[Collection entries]
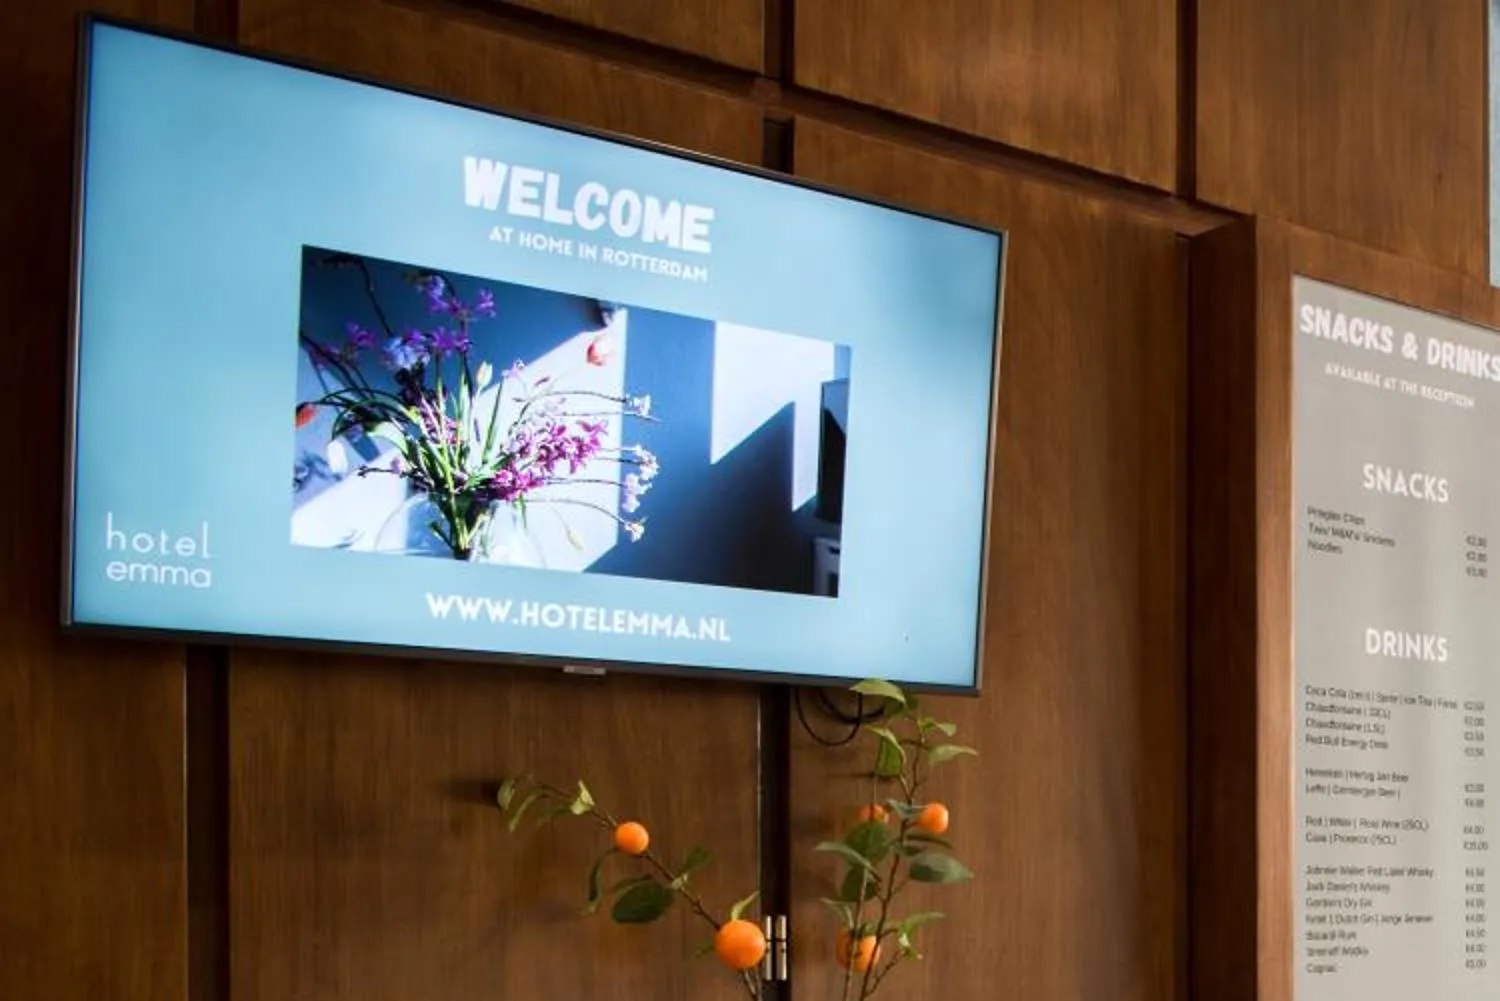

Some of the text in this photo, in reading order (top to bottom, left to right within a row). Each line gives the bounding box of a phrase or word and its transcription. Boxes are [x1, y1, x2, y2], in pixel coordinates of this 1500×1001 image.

[464, 157, 715, 254] WELCOME
[489, 226, 708, 283] AT HOME IN ROTTERDAM
[1300, 304, 1394, 354] SNACKS
[1401, 333, 1419, 361] &
[1325, 362, 1476, 409] AVAILABLE AT THE RECEPTION
[1363, 463, 1449, 503] SNACKS
[107, 512, 209, 559] hotel
[106, 561, 212, 588] emma
[425, 592, 731, 642] WWW.HOTELEMMA.NL
[1365, 628, 1449, 662] DRINKS

— Task requirements —
A faithful copy of every record is needed here. Leave the images out of it.

— Completed task —
Some of the text in this photo, in reading order (top to bottom, left to right within a row). Each line gives the bounding box of a phrase or word and its transcription. Boxes are [x1, y1, x2, y2], in pixel coordinates of this 1500×1001 image.

[464, 157, 715, 254] WELCOME
[489, 226, 708, 283] AT HOME IN ROTTERDAM
[1300, 304, 1394, 354] SNACKS
[1401, 333, 1419, 361] &
[1325, 362, 1476, 409] AVAILABLE AT THE RECEPTION
[1363, 463, 1449, 503] SNACKS
[107, 512, 209, 559] hotel
[106, 561, 212, 588] emma
[425, 592, 731, 642] WWW.HOTELEMMA.NL
[1365, 628, 1449, 662] DRINKS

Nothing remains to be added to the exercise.